«Sentiamo tutti il bisogno di fermarci, in questo momento buio, e accendere la luce della Parola di Dio, per riflettere e comprendere». Vuole condividere riflessioni e pensieri, il cardinale vicario Angelo De Donatis, con tutta la comunità diocesana. Come faro la Scrittura e le parole pronunciate da Papa Francesco in questo ultimo periodo, nelle sue omelia. L’obiettivo, scrive il cardinale, è «riflettere con voi sul tempo che abbiamo vissuto. Tutto è stato così imprevisto e improvviso! Come sapete, anch’io sono stato malato e in ospedale: una ferita che mi ha permesso di sentire profonda comunione con chi è stato toccato a vari livelli dalla pandemia del coronavirus».

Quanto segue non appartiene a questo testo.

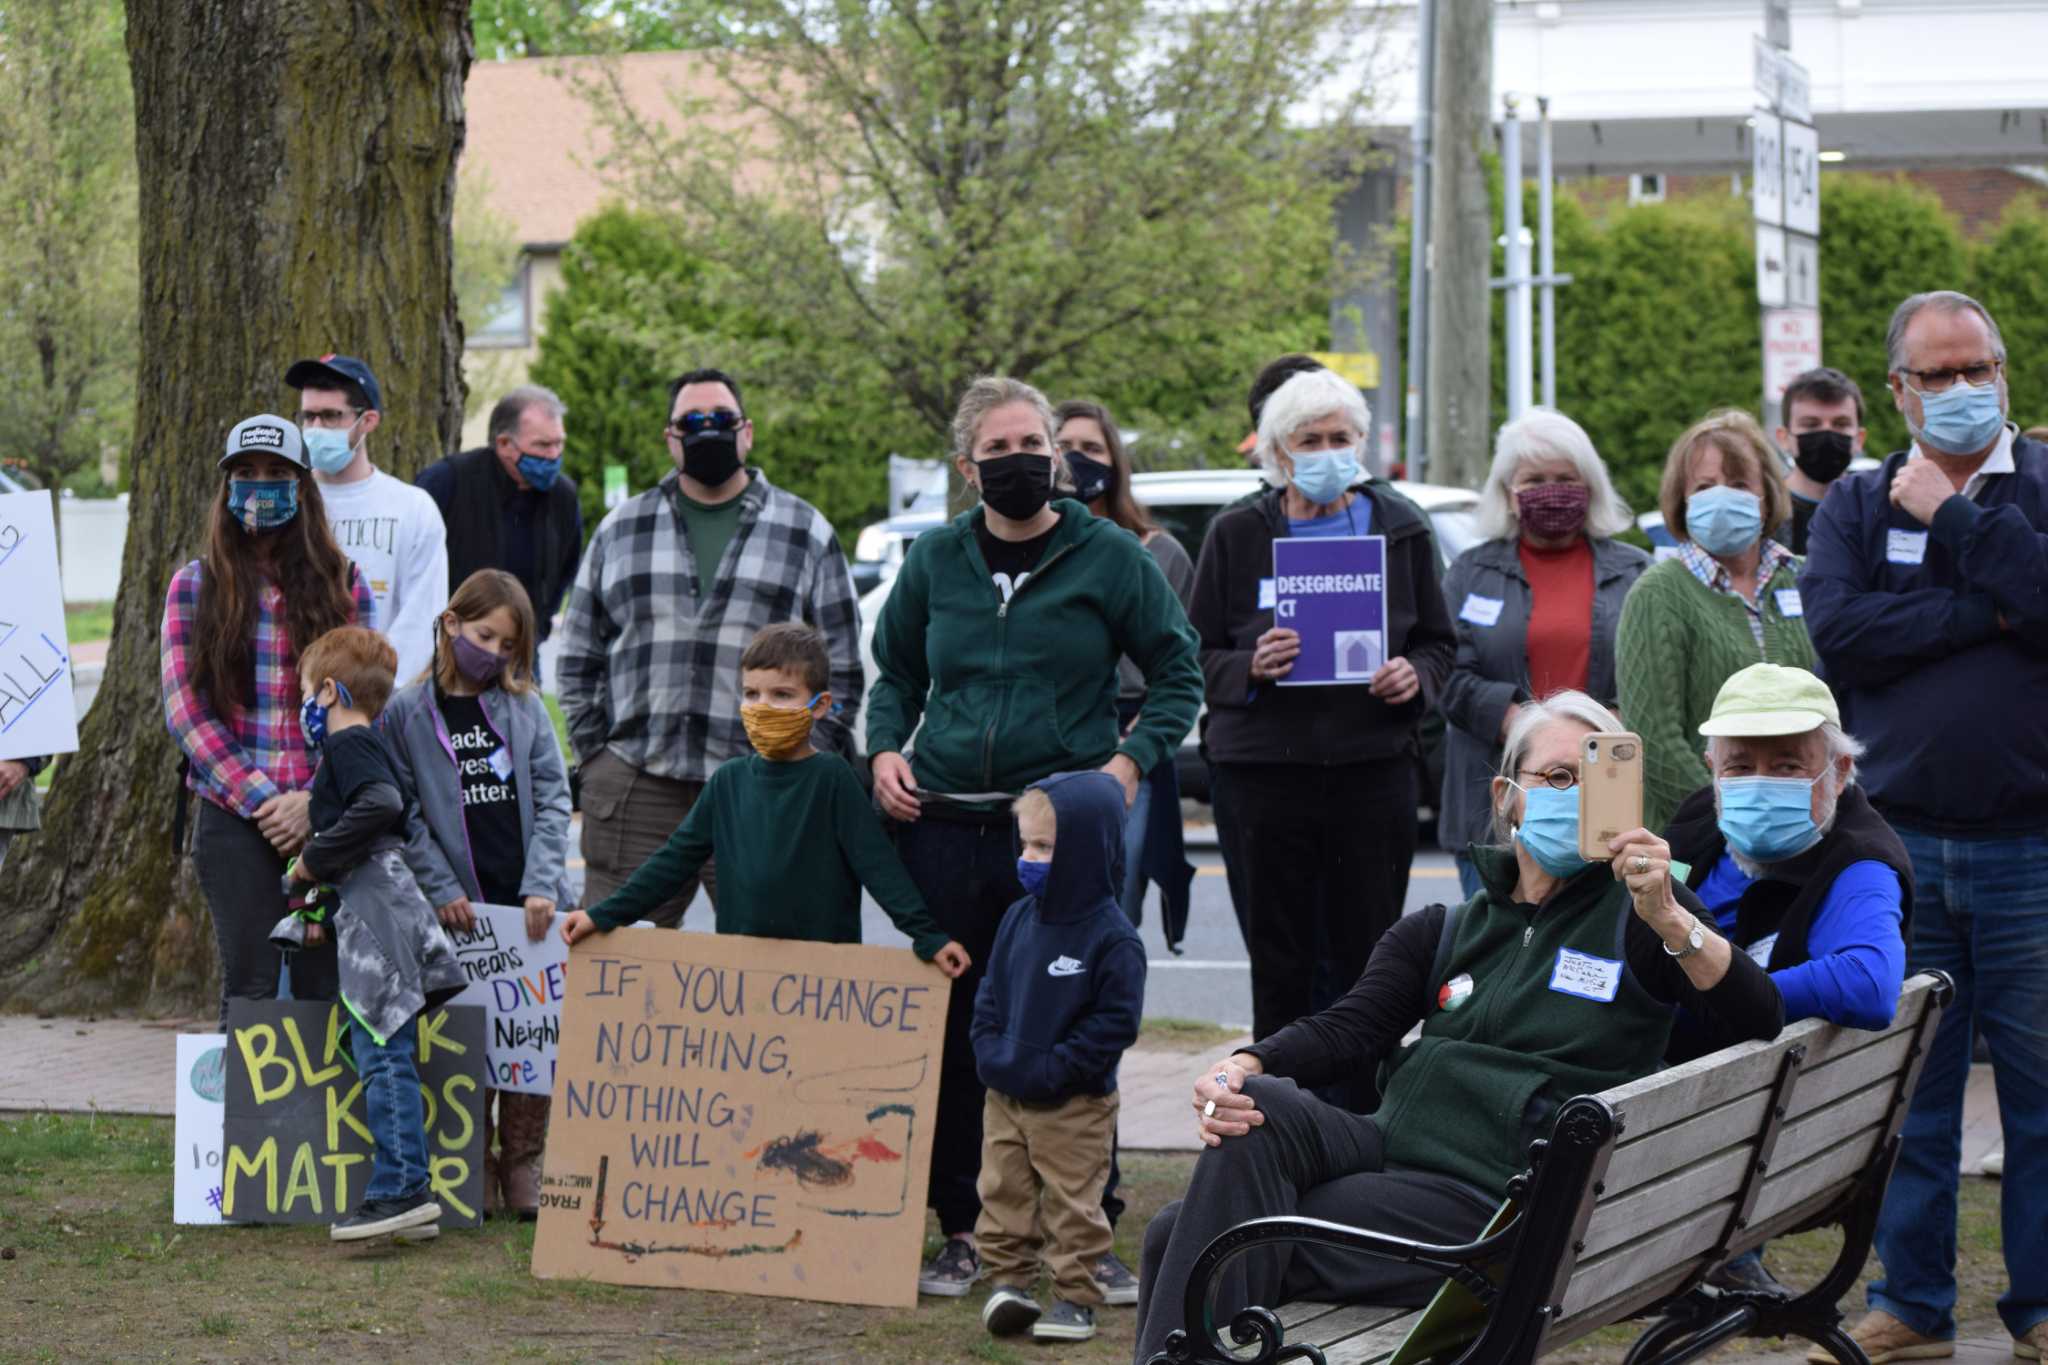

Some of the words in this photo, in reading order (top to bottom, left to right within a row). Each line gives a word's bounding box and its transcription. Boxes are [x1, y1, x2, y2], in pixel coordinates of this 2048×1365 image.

[241, 437, 280, 447] inclusive
[242, 427, 282, 440] radically
[1277, 573, 1382, 595] DESEGREGATE
[1277, 599, 1297, 618] CT
[585, 959, 643, 998] IF
[673, 962, 746, 1016] YOU
[771, 974, 929, 1032] CHANGE
[235, 1004, 467, 1106] BLK
[595, 1022, 793, 1079] NOTHING,
[565, 1080, 736, 1128] NOTHING
[630, 1132, 710, 1169] WILL
[222, 1136, 477, 1220] MATR
[539, 1193, 582, 1210] FRAG
[622, 1182, 777, 1229] CHANGE

«Come il Papa ci ha detto nella Veglia – scrive il vicario –, ci troviamo anche noi chiusi, sbarrati in casa, come gli apostoli: siamo la Chiesa nel Cenacolo del Sabato Santo. Siamo la Chiesa che, sbigottita di fronte al dolore della morte improvvisa di tante persone, si è blindata in casa, spinta anche dalla paura di incontrare gli altri». Paura degli altri ma anche del futuro: «La pandemia detta tempi lunghi al ritorno alla normalità della vita sociale e la crisi economica già sta facendo sentire i suoi effetti devastanti».

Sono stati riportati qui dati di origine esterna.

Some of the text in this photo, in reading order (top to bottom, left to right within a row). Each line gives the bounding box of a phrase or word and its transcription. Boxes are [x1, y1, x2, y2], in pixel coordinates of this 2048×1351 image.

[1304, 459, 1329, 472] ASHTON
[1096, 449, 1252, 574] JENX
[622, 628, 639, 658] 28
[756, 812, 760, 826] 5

Sembra «tutto finito», sembra non ci siano «strade che possano aprirsi, se non quella del ritorno alla vita “senza Gesù”, come nel caso dei discepoli di Emmaus». Eppure è proprio in frangenti come questo che «l’azione dello Spirito fa germogliare cose inedite e insperate», sostiene il cardinale De Donatis. Infatti, prosegue, abbiamo vissuto una Quaresima «straordinaria», fatta di «spoliazione e digiuno», in cui abbiamo dato prova di «capacità di resilienza e di cambiamento». Ma «c’è un livello molto più profondo – si legge ancora nella lettera – in realtà abbiamo vissuto radicalmente il Mistero Pasquale di Morte e di Resurrezione. Lo abbiamo toccato con mano. Siamo stati messi con forza davanti alla realtà della morte, molto concretamente alla possibilità della “mia” morte e di quella delle persone che amo. E ancora adesso siamo di fronte al pericolo che a morire sia un’intera realtà sociale ed economica, almeno nelle forme con cui l’abbiamo vissuta finora».

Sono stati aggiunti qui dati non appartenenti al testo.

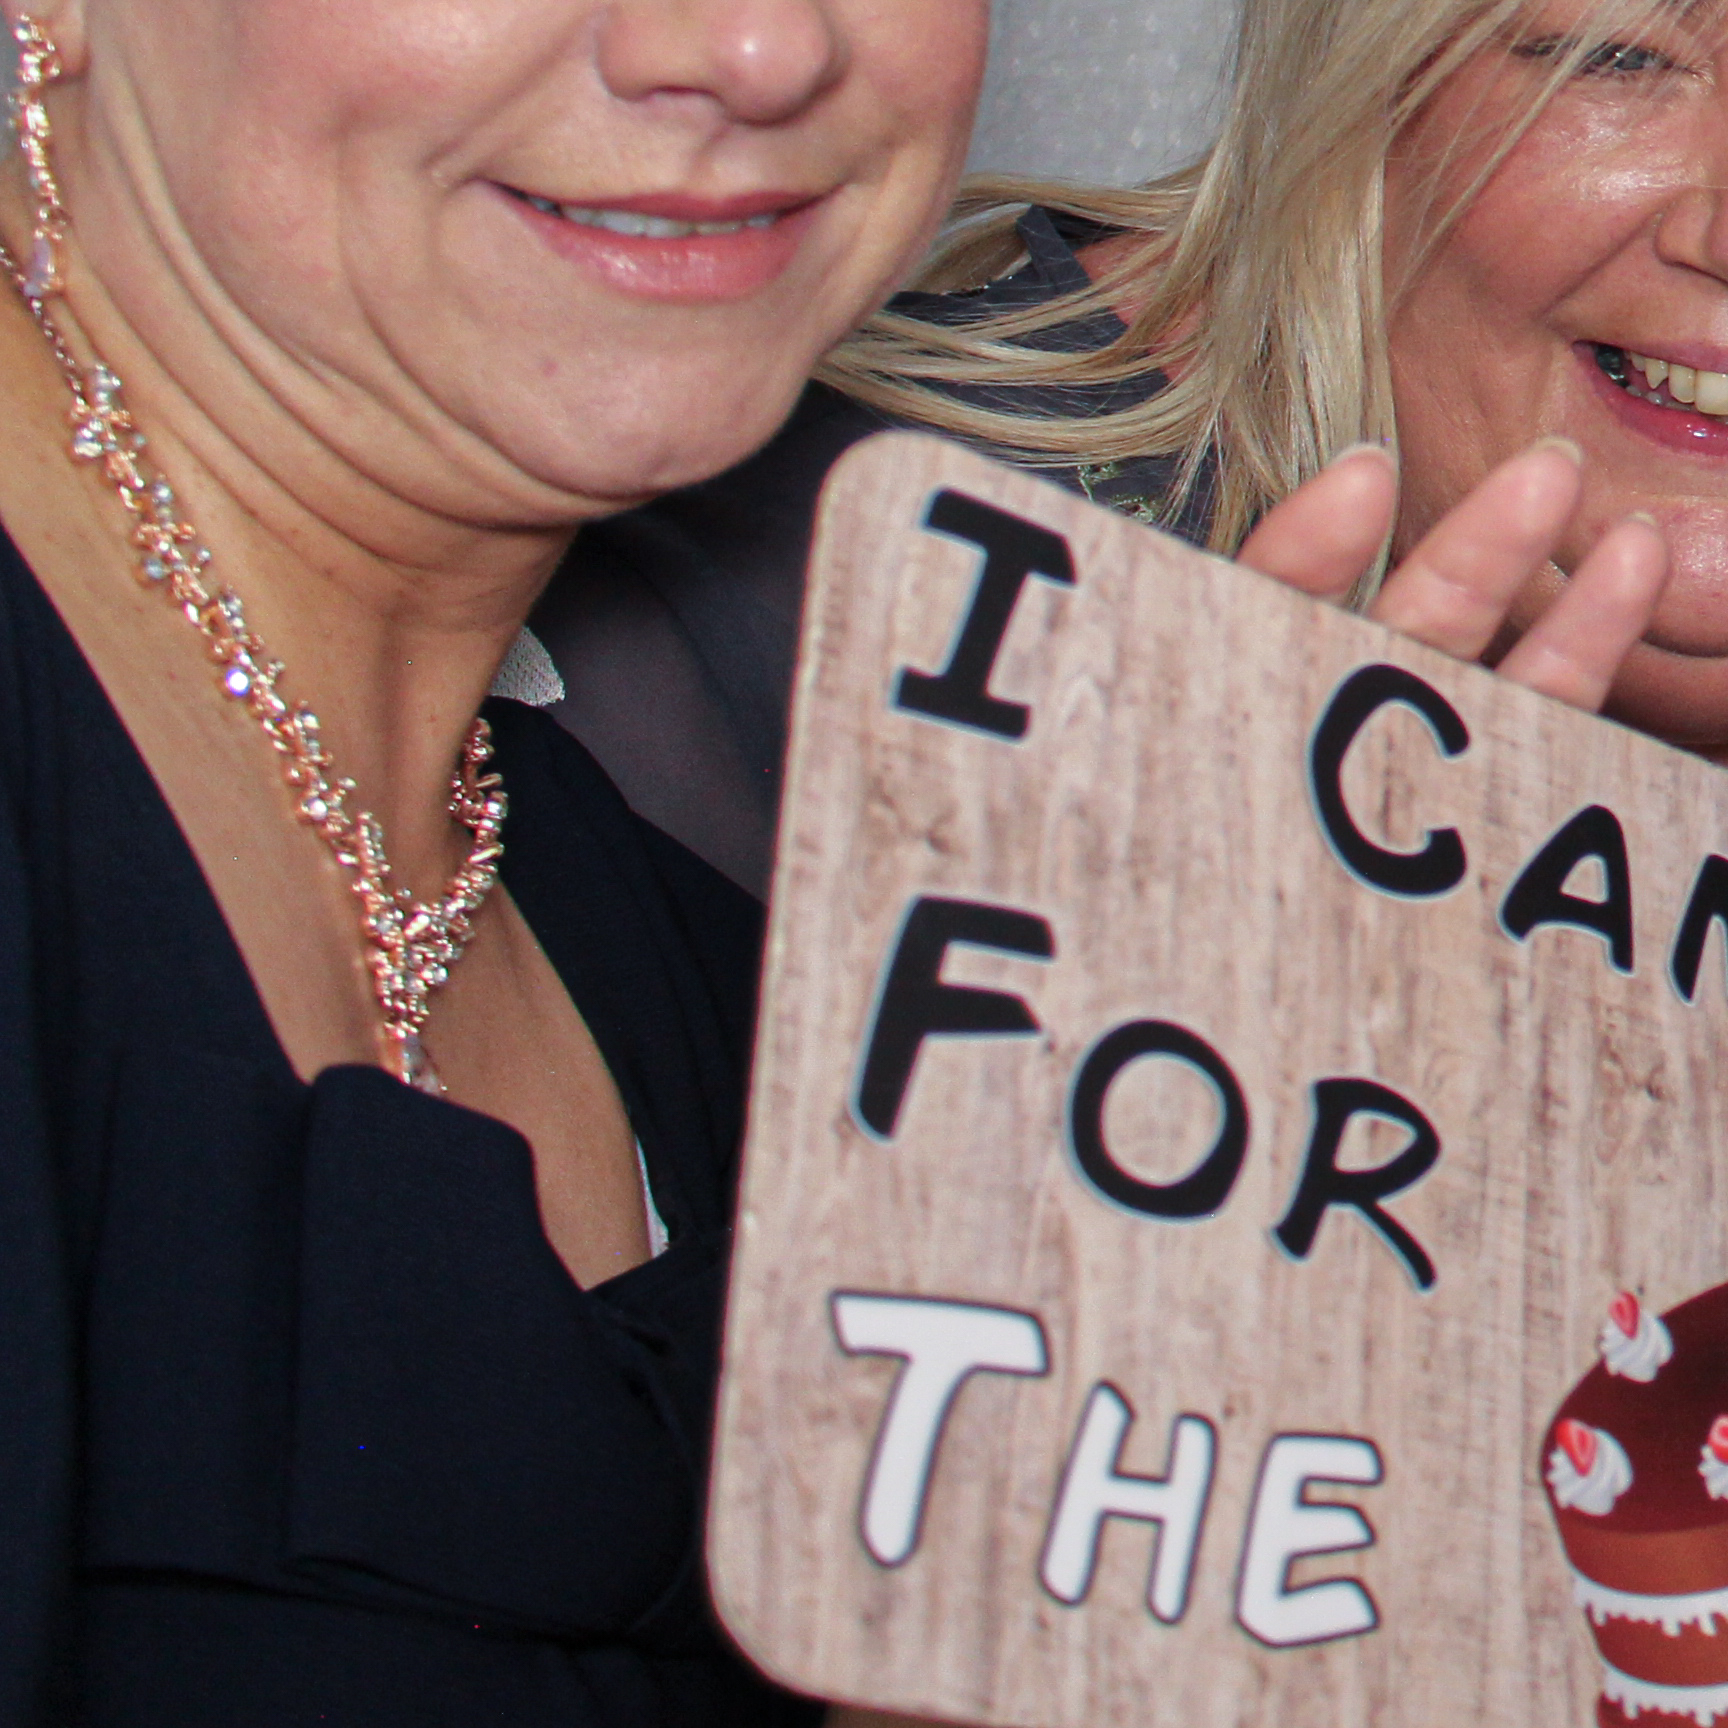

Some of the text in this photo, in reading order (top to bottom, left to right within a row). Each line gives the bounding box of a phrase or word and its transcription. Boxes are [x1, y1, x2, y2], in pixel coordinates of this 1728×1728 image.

[890, 487, 1077, 740] I
[851, 895, 1441, 1292] FOR
[828, 1291, 1385, 1648] THE

«Ci troviamo ad avere vissuto – tutti insieme e contemporaneamente – un’esperienza che ci mette in grado di renderci conto della scommessa che la fede è, della novità entrata nel mondo con Gesù: passare dalla morte alla vita. Stiamo vivendo in un prolungato stato di attesa che succeda qualcosa di liberatorio; di qualcuno che ci annunci che possiamo uscire a tornare a vivere senza preoccuparci di non morire. Ecco: questo è esattamente il senso del termine Vangelo. Questo è il compito che ci eravamo dati come diocesi: annunciare il Vangelo dentro alla vita concreta della nostra gente».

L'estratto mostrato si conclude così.